Une décapitalisation qui touche aussi la filière lait. Sans parler de sa production de lait à Comté, Anton Andermatt fait le pari que « le lait conventionnel reste stable » mais que des arrêts sont à craindre lorsque des éleveurs laitiers arrivent à l’âge de la retraite sans « être passés aux robots et surtout en Gaec » pour répartir les « 365 jours de traite par an deux fois par jour ». Même le Comté n’est plus épargné par la baisse du pouvoir d’achat des Français avec l’inflation. « Les foins de moindre qualité » risquent de faire baisser la production cet hiver, ce qui dans un contexte de stocks hauts, va « réguler » donc stabiliser les prix, en baisse actuellement.

Alors que la crise de fonds Feader et des dossiers DJA a compliqué les installations, le président des JA confirmait que 80 installations aidées ont tout de même pu se faire mais qu’en élevage, « les capitaux à reprendre restent un problème » pour un jeune démarrant sans apport. Ce que confirmait la directrice de la Safer de Saône-et-Loire, Valérie Diagne.

Le monde végétal « sur la corde raide »

Du côté du monde végétal, l’année est pour l’heure « compliquée ». « La moisson d’orges d’hiver est à 90 % mauvaise », avec une moyenne « en prenant aussi en compte l’autoconsommation » de 53 qtx/ha. Le directeur de Bourgogne du Sud, Bertrand Combemorel continuait sur la « bonne surprise » par contre en colza, « mieux que le prévisionnel » pour finir à près de « 36 qtx/ha avec de bons taux d’huile ». Enfin, si la moisson de blé se lance du côté de l’ouest du département, la majorité est faite en Bresse et vallée de la Saône avec 63 qtx/ha, « soit la plus mauvaise année en 25 ans, exceptée 2016 ». La coopérative a toutefois bon espoir de réussir à trier et obtenir les PS nécessaires en blé meunier, « même s’il y aura des blés déclassés ». Pour son président, Lionel Borey, cela vient confirmer la stratégie misant sur la qualité plus que la quantité. « Notre avenir est d’arriver à nous démarquer par la qualité et d’arriver à honorer nos contrats. Il faut garder le cap ». Car, les variations des cours sur les marchés des céréales n’ont plus forcément de lien qu’avec les fondamentaux. « La concurrence Mer Noire nous sort des marchés », avec des blés « 25 $ trop cher » par rapport aux Russes. Pour l’heure, les céréaliers « perdent plusieurs centaines d’euro à l’hectare », confirme le directeur du CERFrance 71, Pierre Thorel. « L’effet ciseaux, avec un exercice 2024 sur la corde raide », prophétise Lionel Borey malheureusement qui sait que tout se jouera sur les cultures d’automne (soja, maïs, tournesol), espérant un « temps favorable pour aller au bout » et sauver les trésoreries.

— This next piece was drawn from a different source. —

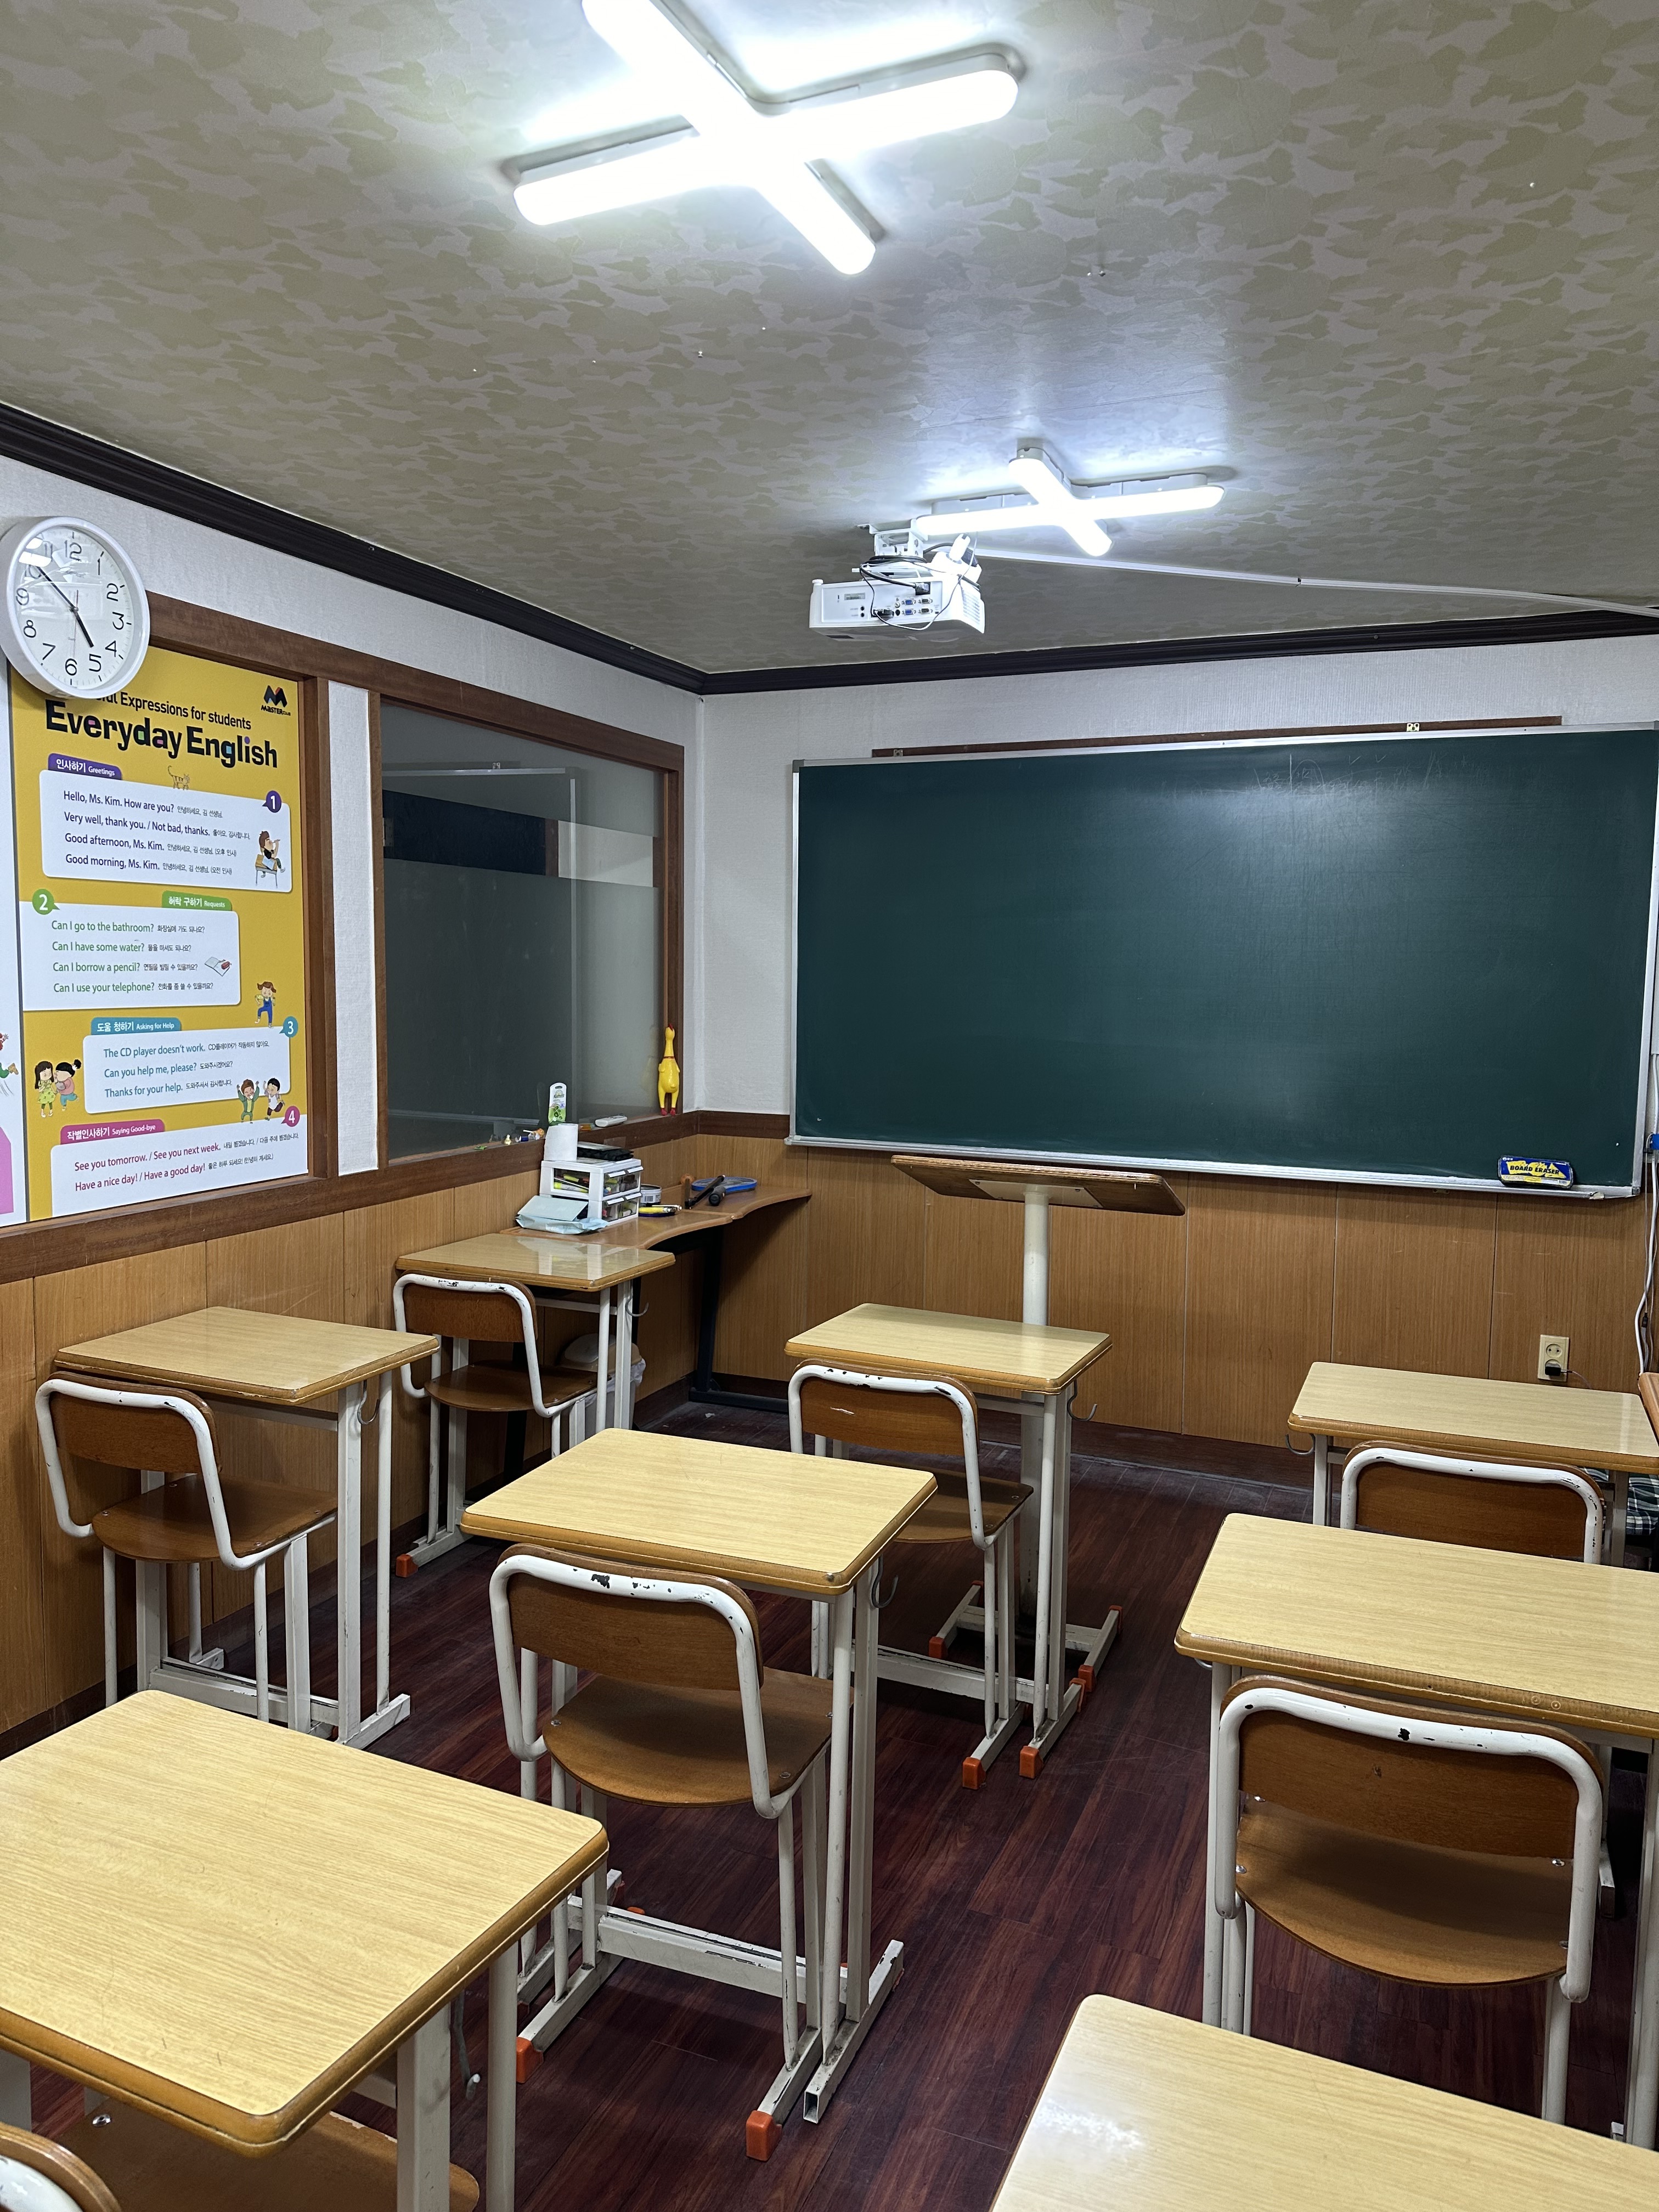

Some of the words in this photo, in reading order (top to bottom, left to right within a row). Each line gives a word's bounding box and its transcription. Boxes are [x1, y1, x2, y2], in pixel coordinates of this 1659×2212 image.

De leurs côtés, les vignerons vivent aussi une année éprouvante : gel, grêle, excès d’eau, mildiou… et la « Bourgogne ne coupe pas à la crise viticole », expliquait la vice-présidente de la Fédération des caves coopérative Bourgogne-Jura, Bénédicte Bonnet. En effet, « les marchés des vins ne sont pas ce qu’ils ont été. Bien que tellement haut, les négociants veulent se refaire » et les cours du vrac sont revenus à leurs standards d’avant 2021, voire en dessous. « Il va falloir faire le gros dos pour ceux n’ayant pas vendu leur vrac », alors que les prix bouteilles commencent à baisser aussi çà et là, se montre réaliste Marc Sangoy, président de la cave de Lugny. Pour Bénédicte Bonnet, face à cette accumulation de « mauvaises nouvelles », « le collectif est une belle arme pour passer le cap ensemble ». Ce qui constituait la meilleure conclusion à ce bilan de conjoncture à l’image des nuages… jamais loin cette année et prêt à nous tomber sur la tête.